The barn smelled like recently burned rubber. The stench clung to the settled air in the barn. The space was vast. A concrete foundation. Enough room for two or three large tractors, the kind that harvest wheat. Flynn wasn’t sure of the terminology. Reapers? Combines? But there were no tractors. There was just a large expanse of dirty concrete floor up the center of the barn. There were fluorescent tubes strung from the rafters lighting the space. Along the right side of the barn were machines. Heavy solid things. On the left side was a small forklift truck, and pallets of black stuff wrapped in plastic. He kept his Glock trained in the barn and pressed himself up, took a deep breath of outside air and stepped inside.

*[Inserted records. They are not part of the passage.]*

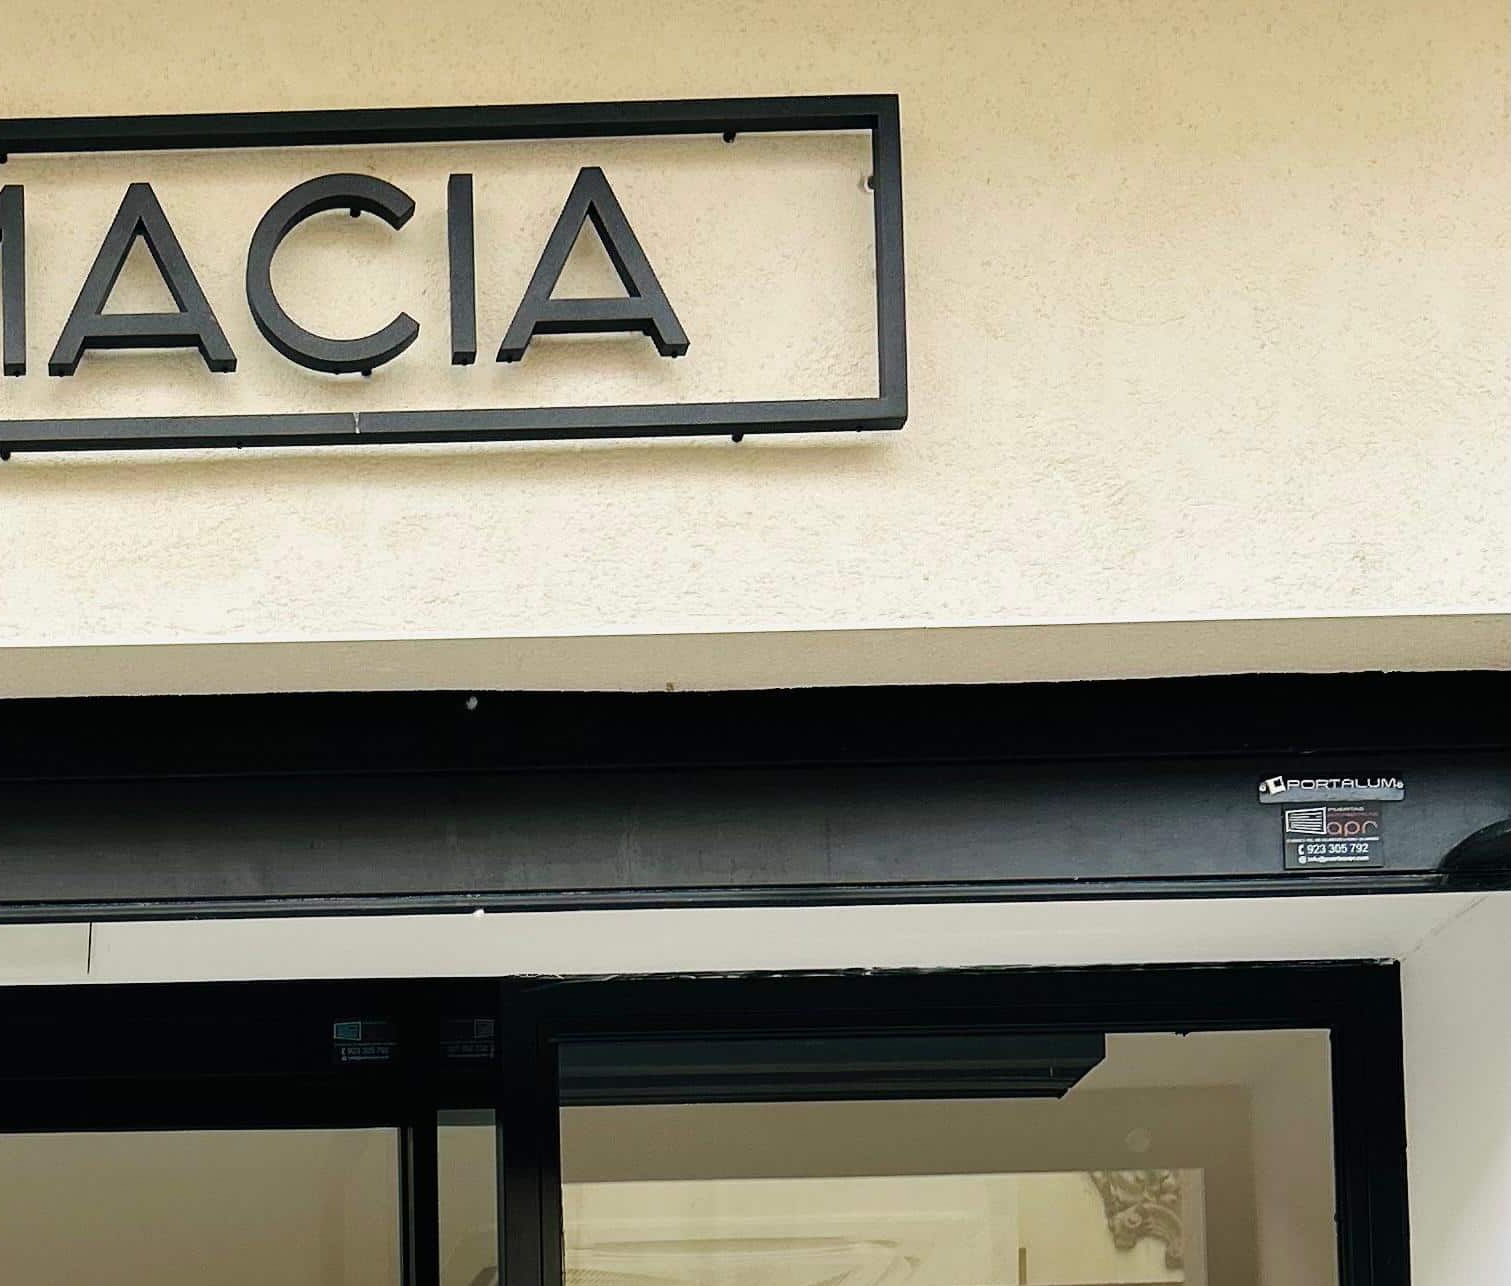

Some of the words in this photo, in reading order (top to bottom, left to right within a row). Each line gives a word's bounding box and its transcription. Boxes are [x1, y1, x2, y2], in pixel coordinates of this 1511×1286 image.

[1287, 777, 1397, 790] PORTALUM
[1306, 843, 1326, 854] 923
[1328, 843, 1348, 853] 305
[1350, 843, 1369, 853] 792
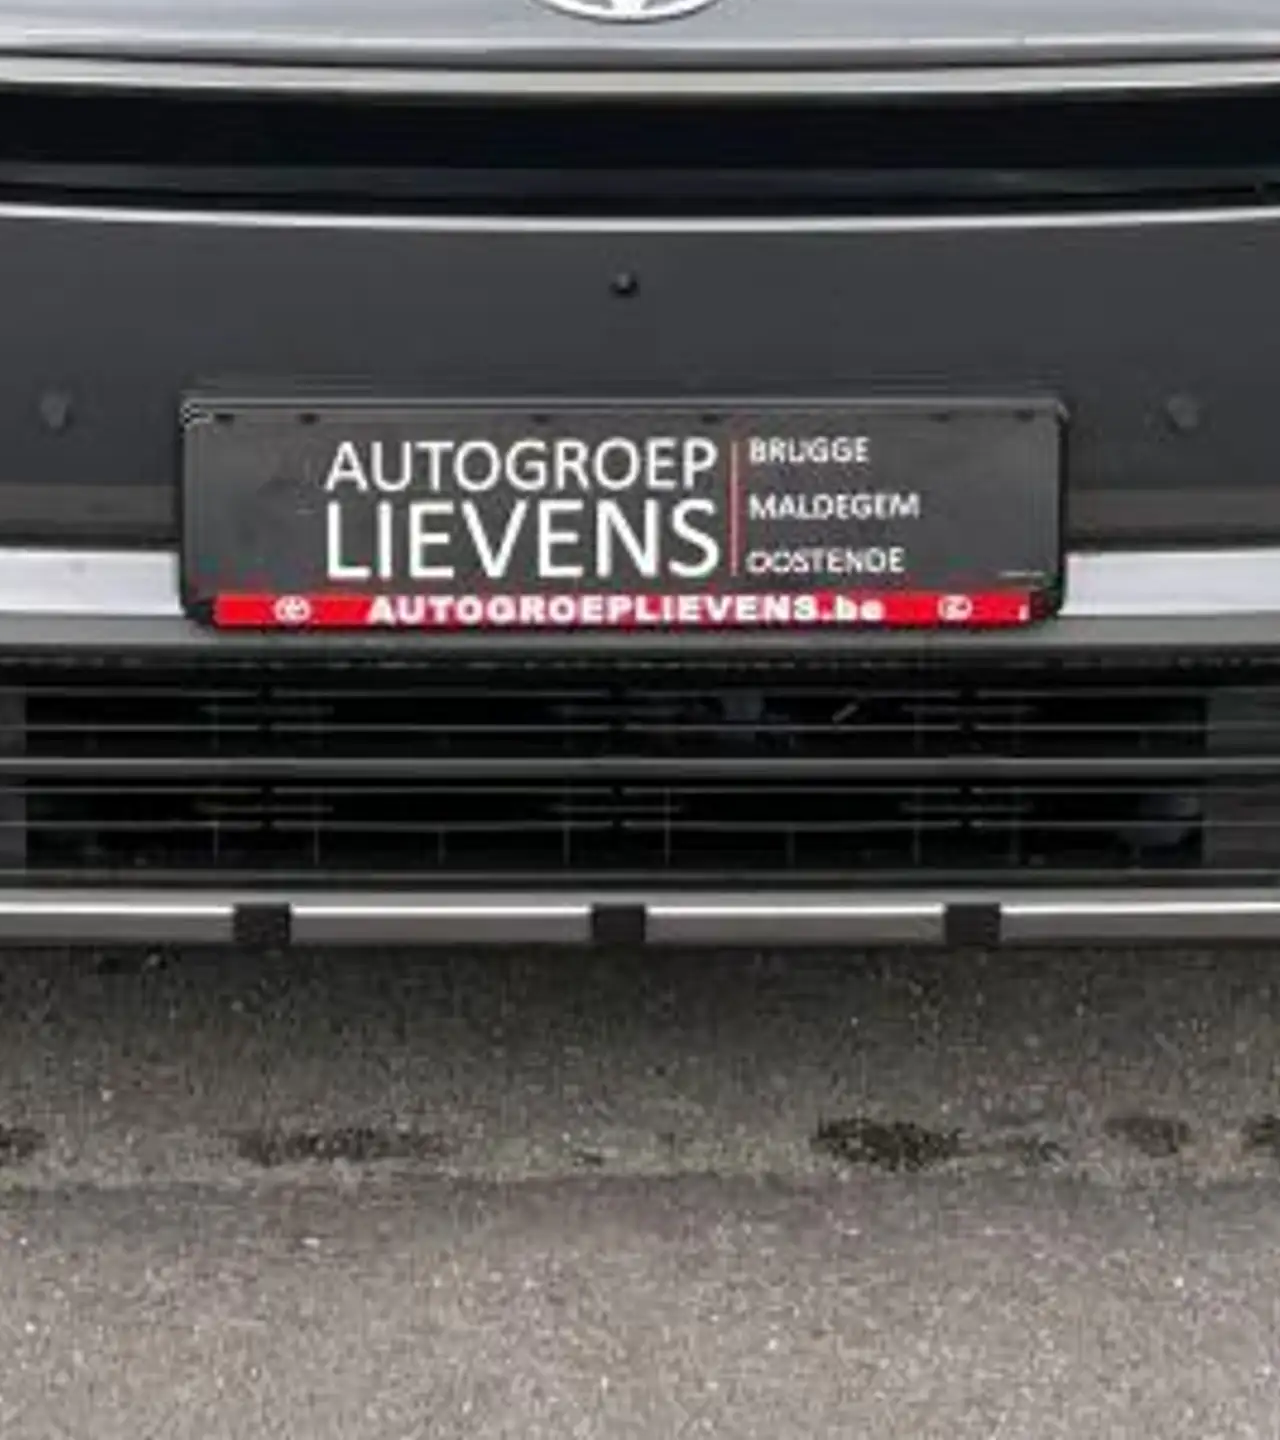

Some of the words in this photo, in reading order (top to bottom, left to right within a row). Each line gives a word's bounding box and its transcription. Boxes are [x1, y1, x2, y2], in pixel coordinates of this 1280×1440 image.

[325, 436, 718, 492] AUTOGROEP
[749, 437, 870, 463] BRUGGE
[749, 493, 919, 520] MALDEGEM
[327, 499, 720, 580] LIEVENS
[746, 547, 906, 574] OOSTENDE
[367, 594, 887, 624] AUTOGROEPLIEVENS.be

He moved right, against the row of machines, his weapon trained as he swept the space. The machines he passed were both familiar and unfamiliar at the same time. It looked like the motor pool on an army barracks. He had seen similar things, and could guess at others. He had never owned a personal vehicle. His parents had owned cars, and the Legion had had vehicles of all types and sizes. But he had never owned a car himself. He had never maintained one. Never had to tune an engine or rotate the tires. But he had seen such things happen. The machines seemed designed to hold tires upright and spin them. One machine had an abrasive buffer on it. Another was attached to a computer that he had seen a soldat in the French army operate. It was meant to balance tires, whatever that meant.
He crossed the floor to the other side. The pallets were stacked high with thin strips of rubber about four inches wide. He followed the pallets to the far end of the barn and then crossed back to the other side. There he found two machines that looked like they were designed to make giant donuts. One was much larger than the other. They were curved like a donut, and when he looked inside, he saw there were bumps on the inside of the shell. The machines were molds. For affixing new treads to old tires. There was a whole process to it. Taking the old rubber off, abrading it so the new rubber would stick, and then heating the rubber and molding it. That was where the smell was coming from. There wasn’t sufficient air flow to take it away.